Distribution of lifestyle exposures between AD group and control group.

Fig. 6.

Fig. 6.

Odds of AD according to number of lifestyle exposures. *** p-value < 0.001.

3.5. Missing lifestyle exposures

25 out of 55 potential lifestyle exposures identified by literature review were not identified in our dataset, 22 of which were dietary factors (Table 6). 13 dietary factors could not be mapped to any UMLS concept, including dietary excesses (diabetogenic diet, high advanced glycation end products diet, high arachidonic acid, and high unfermented soy), nutrient deficiencies (linoleic acid deficiency, early life nutrient restriction, glutathione depletion, low cocoa, low coffee, low flavonols and low fruit), and food additives (menadione. diacetyl). The other 9 factors could be mapped to UMLS concepts but were not mentioned in clinical notes, including dietary heavy metal intake (high copper diet, high zinc diet), food additives (monosodium glutamate, cysteine), nutrient deficiencies (selenium deficiency, glucose deprivation, low tryptophan diet), high methionine diet and industrialized/preserved food. 3 substance abuses were not found in our patient cohorts, including amphetamine, MDMA, and cocaine/opiates. A full list of the 55 lifestyle exposures not found in our dataset is provided in Table S1 of the supplementary material.

Table 6.

Lifestyle Exposures not found in Clinical Notes.

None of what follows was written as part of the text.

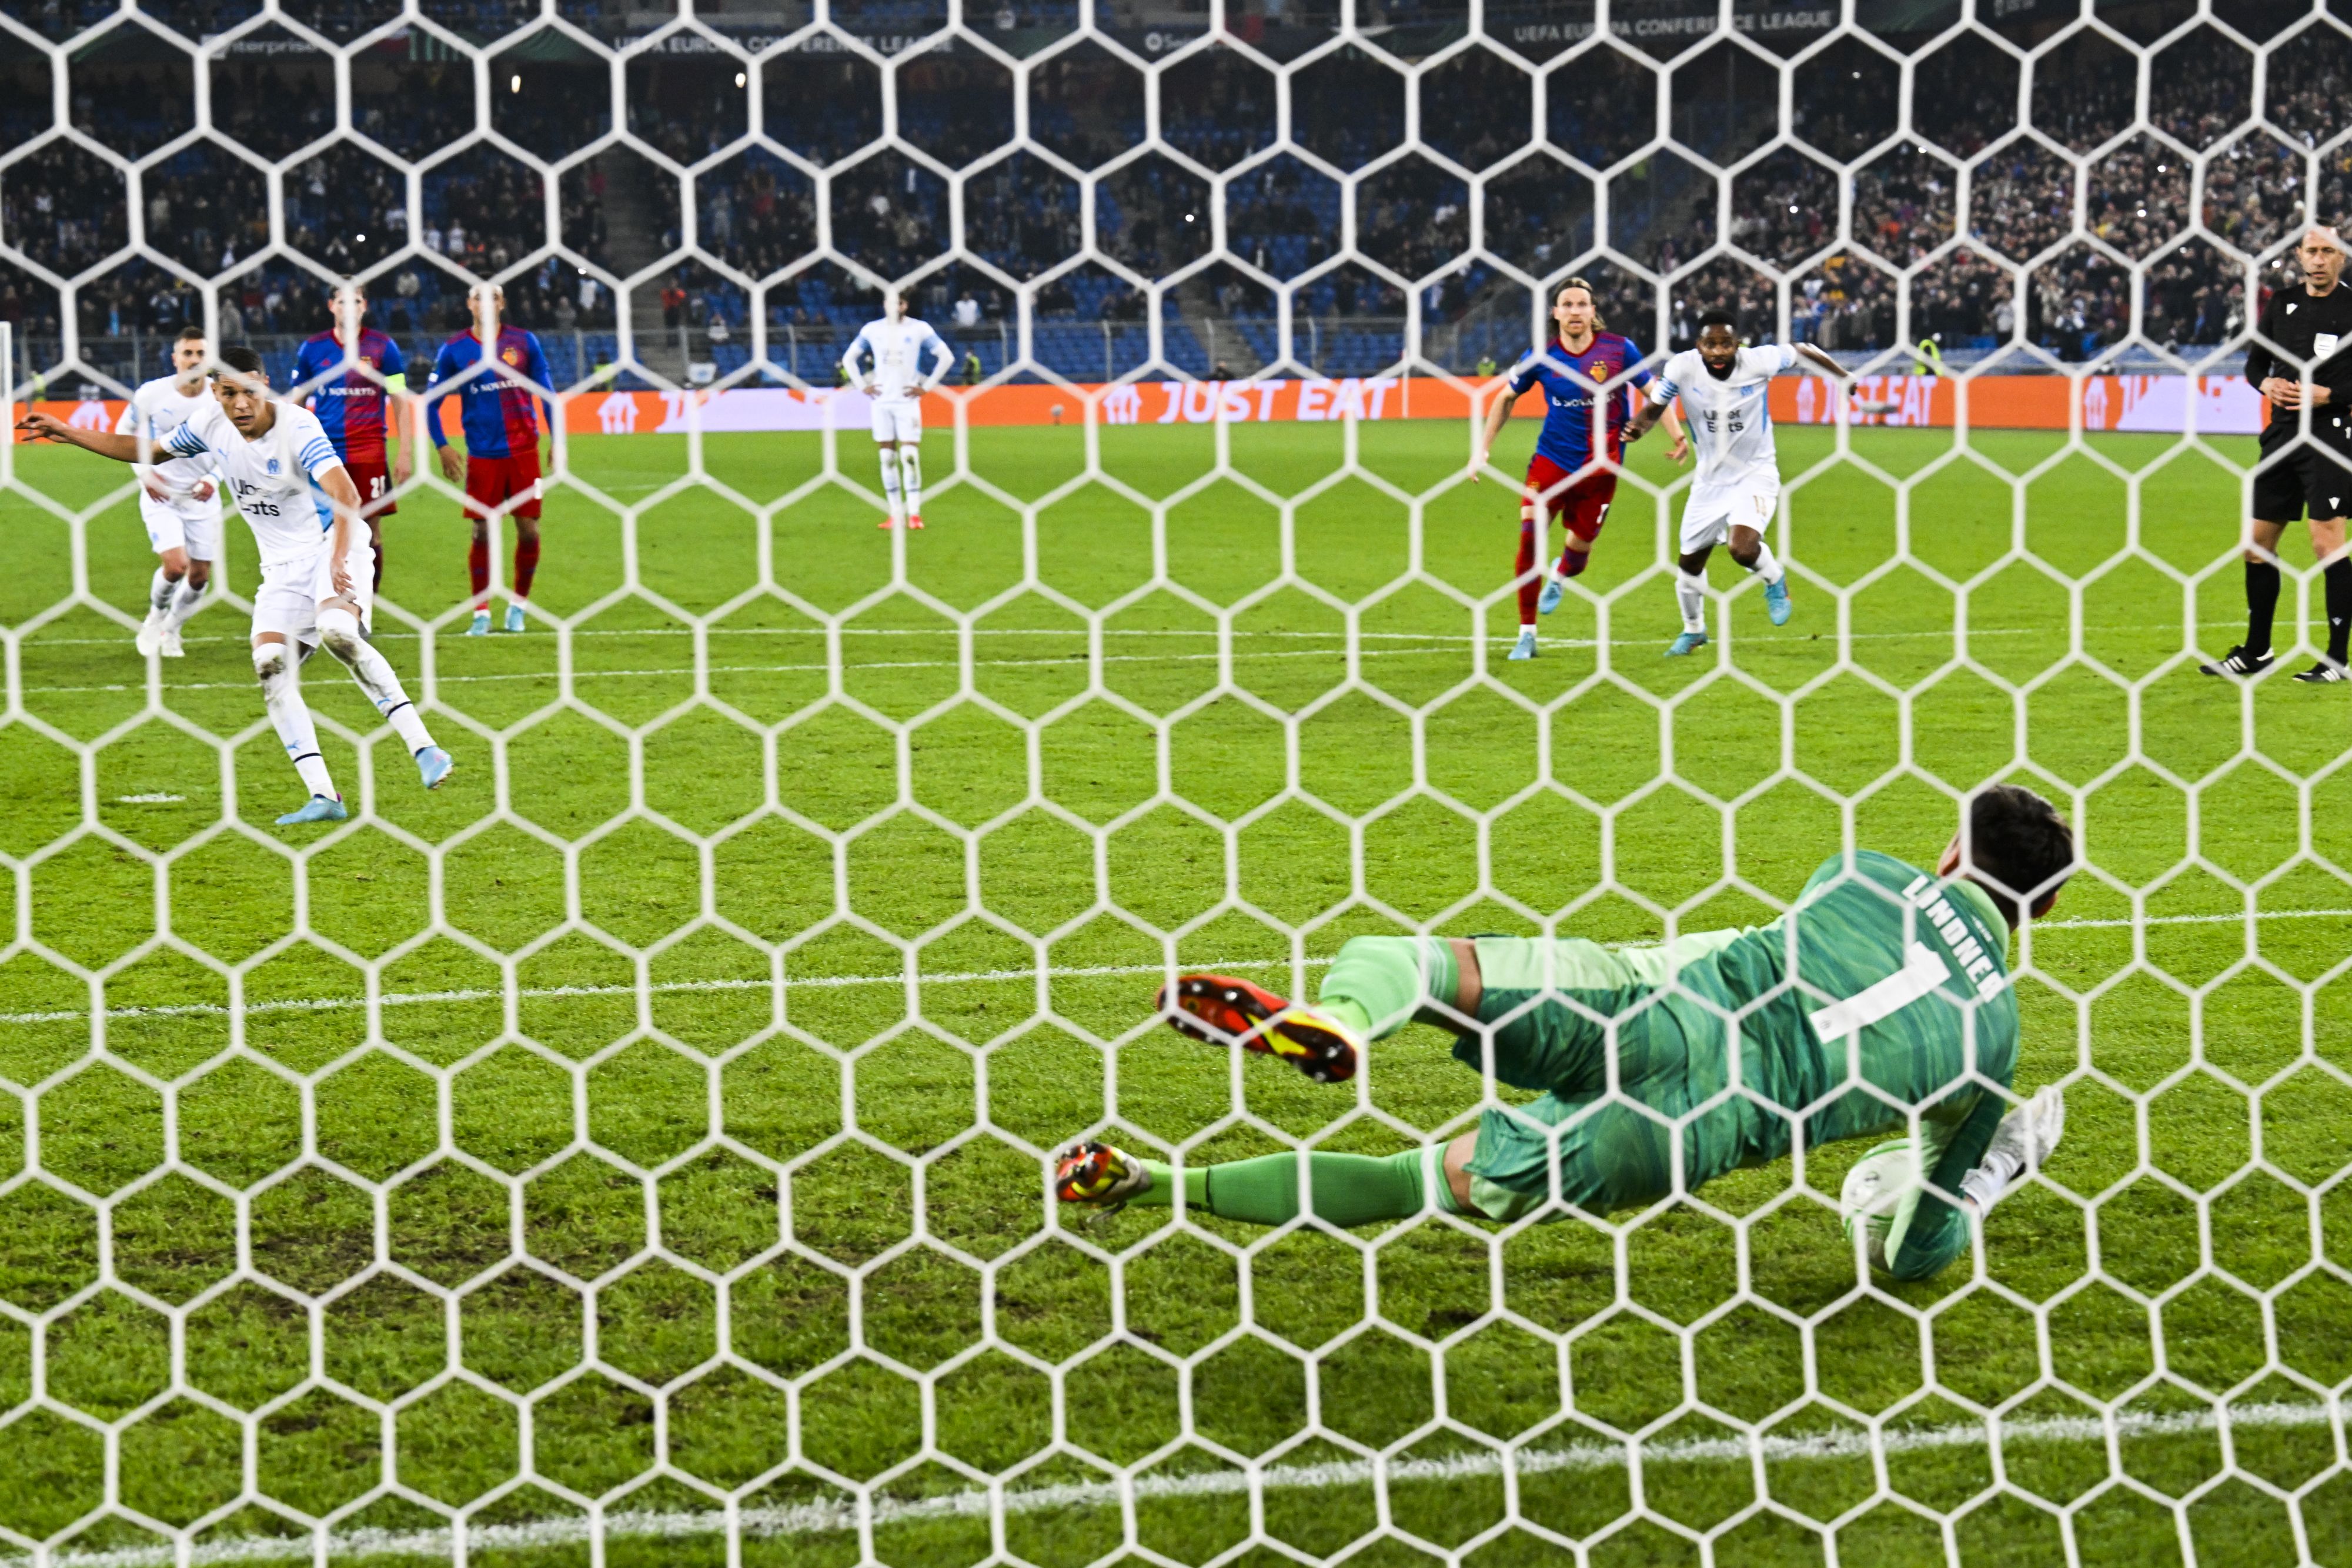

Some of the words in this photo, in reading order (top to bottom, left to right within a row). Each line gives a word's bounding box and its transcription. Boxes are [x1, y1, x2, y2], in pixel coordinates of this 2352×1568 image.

Category Without UMLS concepts With UMLS concepts
Dietary Factor Diabetogenic diet High copper diet
High advanced glycation end products diet High zinc diet
High arachidonic acid High methionine diet
High unfermented soy Low tryptophan diet
Linoleic acid deficiency Glucose deprivation
Early life nutrient restriction Selenium deficiency
Glutathione depletion Industrialized/preserved food
Low cocoa Monosodium glutamate
Low coffee Cysteine
Low flavonols
Low fruit
Menadione
Diacetyl
Substance Abuse Amphetamine
MDMA
Cocaine/opiates

3.6. Performance of the NLP method in MetaMap

The performance of the automated NLP algorithm was compared with the manual review of the random 50 sample documents. Specifically, 73 medical concepts related to risk exposures and interventions were found by MetaMap in the 50 sampled documents, among which the true positive is 54 and the false positive is 19. Thus, the precision of MetaMap is 74.0% based on our limited manual evaluation. Detailed information about the results in terms of frequency, number of true positives, and PPV of each extracted concept and a few typical false positive examples are provided in Tables S2 and S3 of the supplementary material, respectively.

4. Discussion

This is, to the best of our knowledge, the first study that examined the published lifestyle exposures and corresponding intervention strategies for AD patients in routine practice using NLP techniques. By investigating 55 lifestyle exposure factors from 520 clinical notes comprised of 64,672 medical documents, we found evidence of a positive graded relation between AD dementia and the number of lifestyle exposures the patients suffered. The results in this exploratory study show that NLP techniques are able to access much more lifestyle information than could be obtained in commonly used questionnaire assessments for this task. The ability to evaluate large numbers of potential risk factors illustrates the feasibility of NLP techniques for lifestyle risk factor evaluation in a large-scale cross-sectional study.

The 55 lifestyle risk factors investigated in this study were retrieved from different levels of AD-related studies such as neuronal cell culture [32], transgenic animal models [33], brain imaging studies [34], etc. However, only a few of them had been proven to significantly increase the risk of AD in well-designed longitudinal clinical studies. In our dataset, 5 lifestyle exposures were significantly related to the presence of AD, including potassium deficiency, calcium deficiency, tobacco smoking, malnutrition and excessive alcohol use. However, a causal relation between these factors and the onset of AD could not be determined in this cross-sectional study. Large-scale clinical trials should be conducted in the future to further investigate their roles in AD progression. 22 dietary factors were not mentioned in our clinical notes datasets. It is beyond the scope of this work to consider whether all putative risk factors ought to be reported in clinic notes, or used for disease monitoring.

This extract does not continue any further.